Saved data entries:

[Start of section]

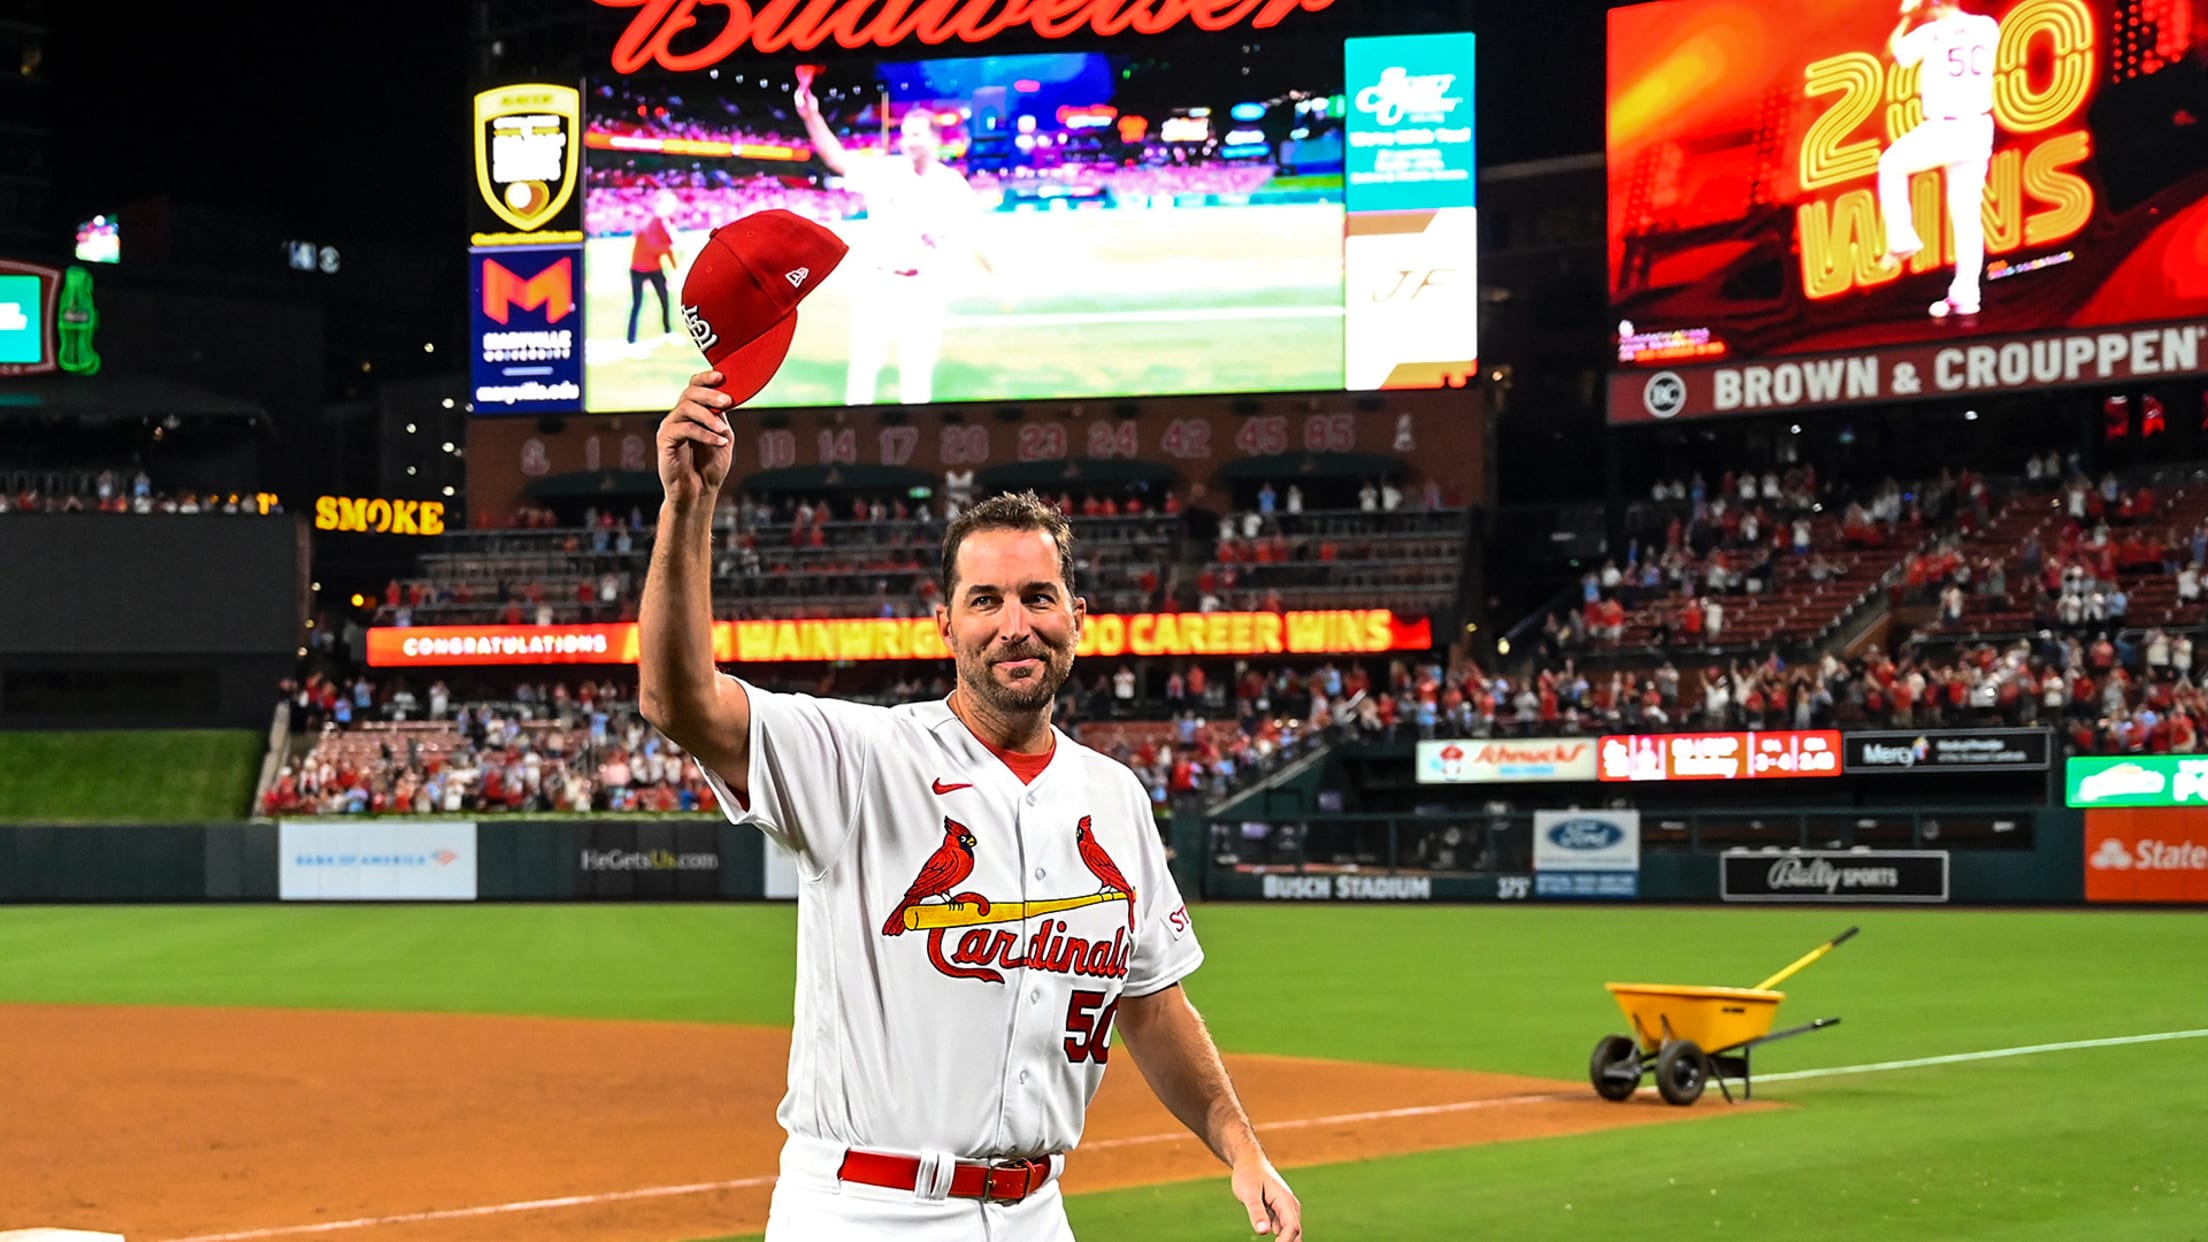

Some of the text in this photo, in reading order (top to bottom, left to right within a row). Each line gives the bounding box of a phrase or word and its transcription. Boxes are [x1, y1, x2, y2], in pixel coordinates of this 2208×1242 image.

[1798, 130, 2094, 299] WINS
[1713, 326, 2198, 411] BROWN & CROUPPEN
[758, 429, 796, 469] 10
[817, 427, 857, 466] 14
[880, 426, 919, 466] 17
[1017, 422, 1067, 462] 23
[1087, 419, 1138, 458] 24
[1235, 415, 1287, 455] 45
[1304, 413, 1355, 453] 85
[315, 496, 445, 535] SMOKE
[403, 634, 607, 657] CONGRATULATIONS
[1130, 611, 1283, 655] CAREER
[1284, 609, 1393, 653] WINS
[1862, 742, 1915, 768] Mercy
[580, 849, 719, 871] HeGetsUs.com
[2135, 839, 2208, 870] State
[1263, 875, 1431, 899] BUSCH STADIUM
[1842, 867, 1899, 887] SPORTS
[927, 896, 1130, 985] Cardinals
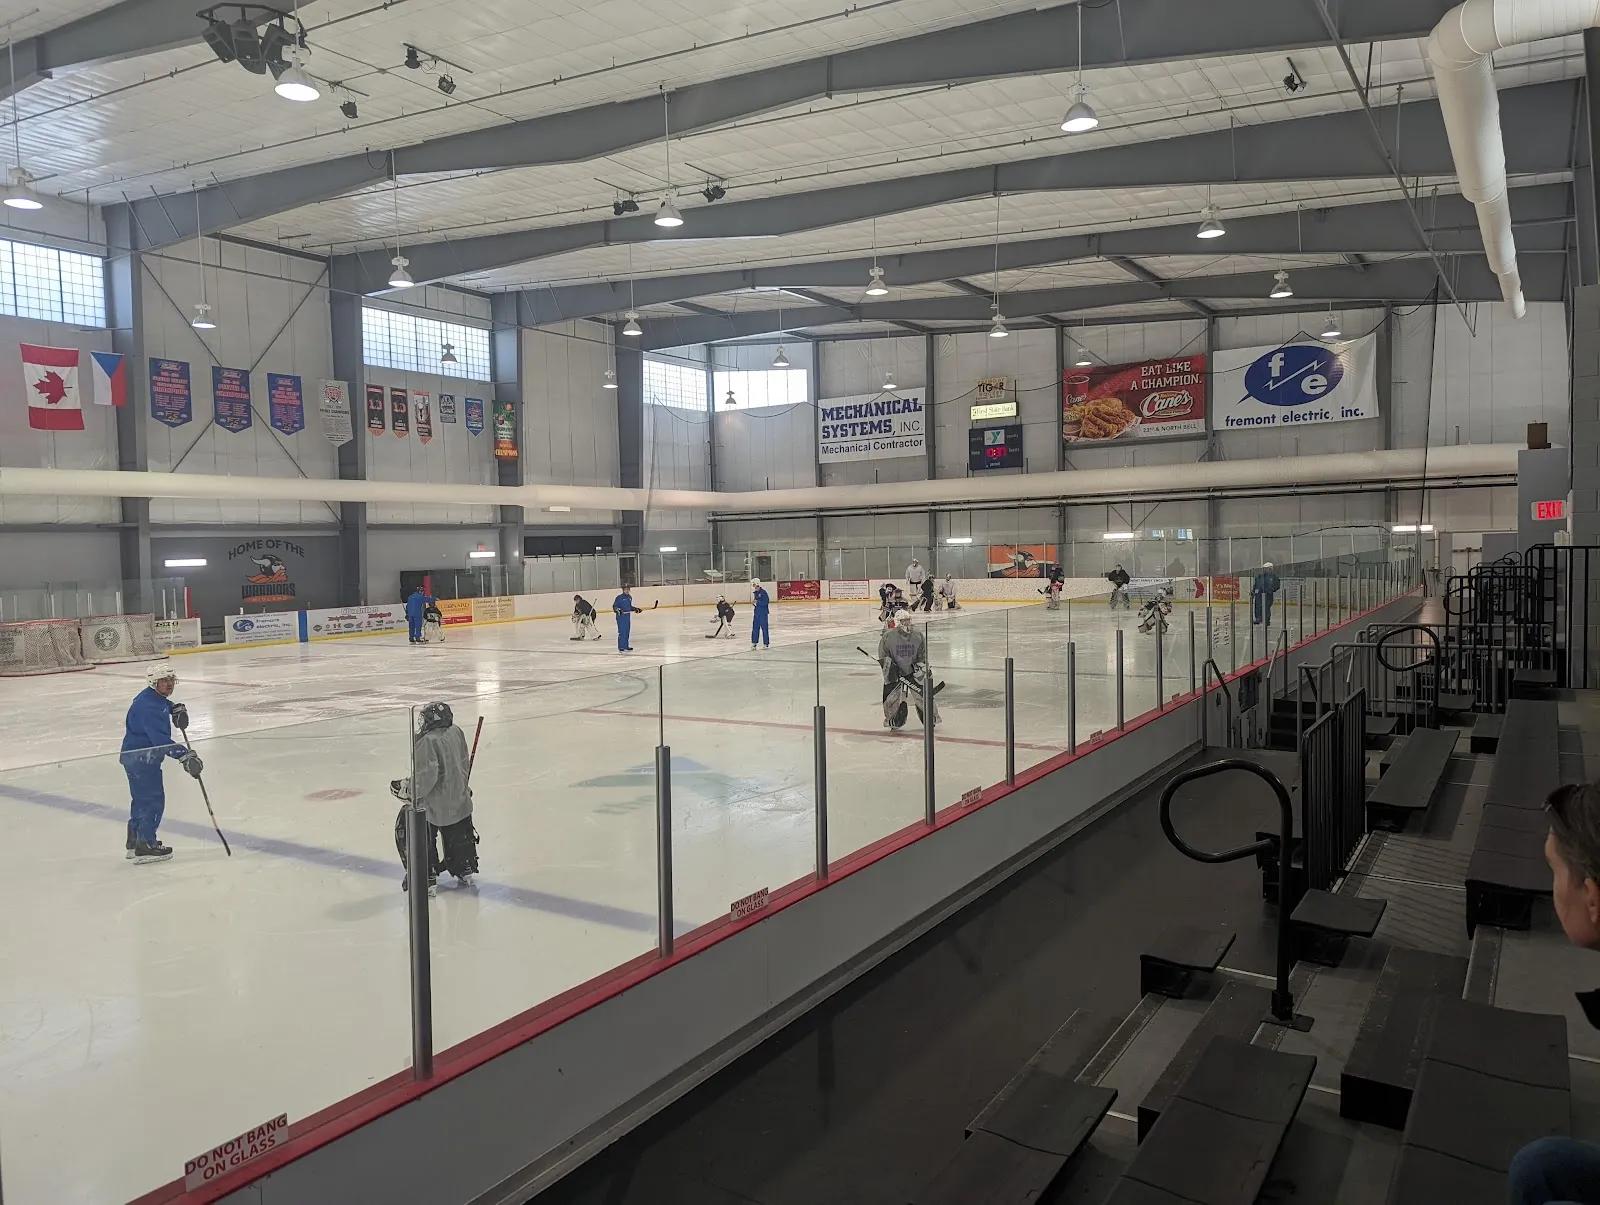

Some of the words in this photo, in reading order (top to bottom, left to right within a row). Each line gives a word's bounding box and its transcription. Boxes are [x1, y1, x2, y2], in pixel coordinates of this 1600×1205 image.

[1141, 365, 1163, 377] EAT
[1166, 361, 1191, 374] LIKE
[1268, 353, 1284, 377] f
[1130, 381, 1139, 391] A
[1141, 374, 1202, 391] CHAMPION.
[1301, 374, 1328, 395] e
[821, 397, 923, 422] MECHANICAL
[1141, 390, 1192, 418] Cane's
[1225, 414, 1276, 427] fremont
[1282, 409, 1334, 422] electric,
[1341, 406, 1364, 418] inc.
[822, 418, 896, 440] SYSTEMS,
[900, 420, 923, 433] INC.
[1161, 424, 1182, 432] NORTH
[821, 443, 871, 455] Mechanical
[873, 439, 924, 451] Contractor
[1537, 501, 1563, 519] EXIT
[228, 540, 263, 561] HOME
[265, 539, 282, 549] OF
[283, 541, 305, 558] THE
[241, 583, 296, 600] WARRIORS
[731, 902, 740, 912] DO
[740, 896, 753, 907] NOT
[753, 889, 769, 901] BANG
[737, 907, 746, 918] ON
[747, 899, 764, 913] GLASS
[185, 1155, 208, 1176] DO
[212, 1136, 243, 1161] NOT
[246, 1115, 287, 1144] BANG
[203, 1160, 226, 1180] ON
[230, 1135, 276, 1166] GLASS
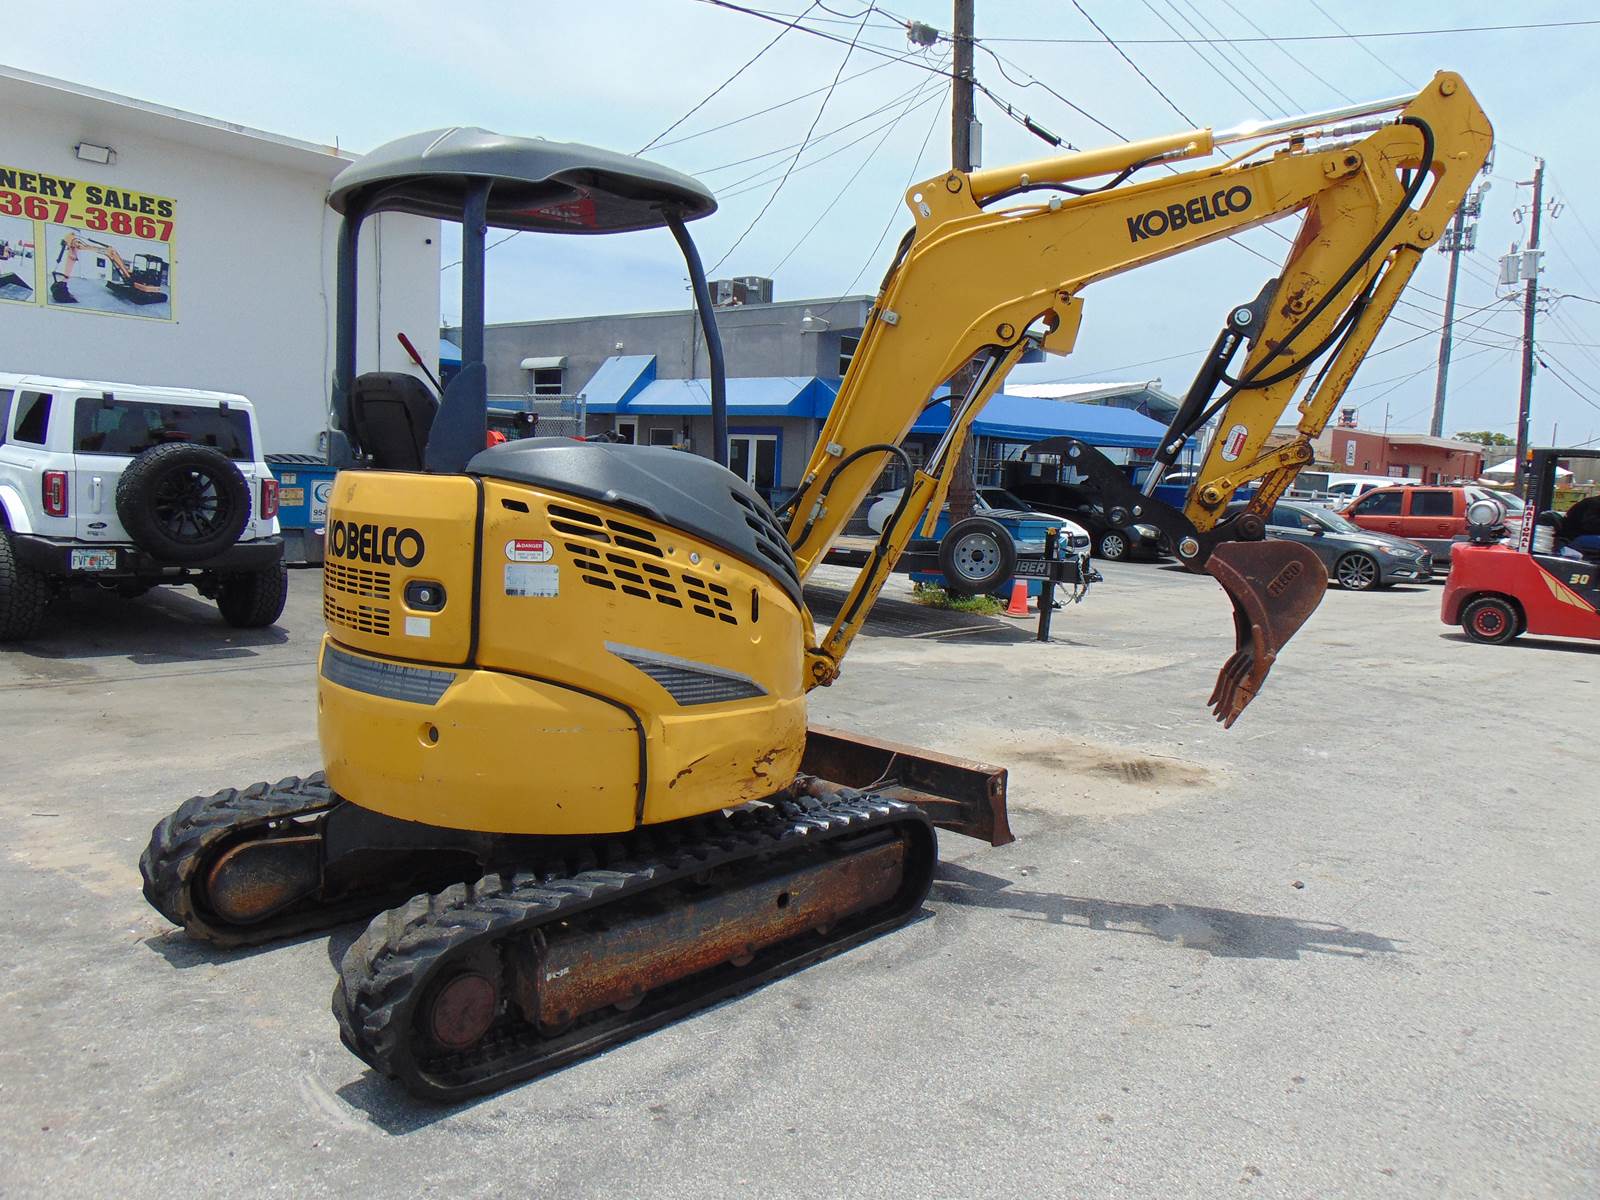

[End of section]

◆ Problem to work on:
Please retype the records above exactly, leaving every image out.

◆ Answer to this problem:
Some of the text in this photo, in reading order (top to bottom, left to right within a row). Each line gives the bounding box of a phrase or word and its transcription. Boxes are [x1, y1, x2, y2], in pixel coordinates of this 2208×1242 image.

[1798, 130, 2094, 299] WINS
[1713, 326, 2198, 411] BROWN & CROUPPEN
[758, 429, 796, 469] 10
[817, 427, 857, 466] 14
[880, 426, 919, 466] 17
[1017, 422, 1067, 462] 23
[1087, 419, 1138, 458] 24
[1235, 415, 1287, 455] 45
[1304, 413, 1355, 453] 85
[315, 496, 445, 535] SMOKE
[403, 634, 607, 657] CONGRATULATIONS
[1130, 611, 1283, 655] CAREER
[1284, 609, 1393, 653] WINS
[1862, 742, 1915, 768] Mercy
[580, 849, 719, 871] HeGetsUs.com
[2135, 839, 2208, 870] State
[1263, 875, 1431, 899] BUSCH STADIUM
[1842, 867, 1899, 887] SPORTS
[927, 896, 1130, 985] Cardinals

Some of the words in this photo, in reading order (top to bottom, left to right within a row). Each line gives a word's bounding box and its transcription. Boxes are [x1, y1, x2, y2], in pixel coordinates of this 1600×1205 image.

[1141, 365, 1163, 377] EAT
[1166, 361, 1191, 374] LIKE
[1268, 353, 1284, 377] f
[1130, 381, 1139, 391] A
[1141, 374, 1202, 391] CHAMPION.
[1301, 374, 1328, 395] e
[821, 397, 923, 422] MECHANICAL
[1141, 390, 1192, 418] Cane's
[1225, 414, 1276, 427] fremont
[1282, 409, 1334, 422] electric,
[1341, 406, 1364, 418] inc.
[822, 418, 896, 440] SYSTEMS,
[900, 420, 923, 433] INC.
[1161, 424, 1182, 432] NORTH
[821, 443, 871, 455] Mechanical
[873, 439, 924, 451] Contractor
[1537, 501, 1563, 519] EXIT
[228, 540, 263, 561] HOME
[265, 539, 282, 549] OF
[283, 541, 305, 558] THE
[241, 583, 296, 600] WARRIORS
[731, 902, 740, 912] DO
[740, 896, 753, 907] NOT
[753, 889, 769, 901] BANG
[737, 907, 746, 918] ON
[747, 899, 764, 913] GLASS
[185, 1155, 208, 1176] DO
[212, 1136, 243, 1161] NOT
[246, 1115, 287, 1144] BANG
[203, 1160, 226, 1180] ON
[230, 1135, 276, 1166] GLASS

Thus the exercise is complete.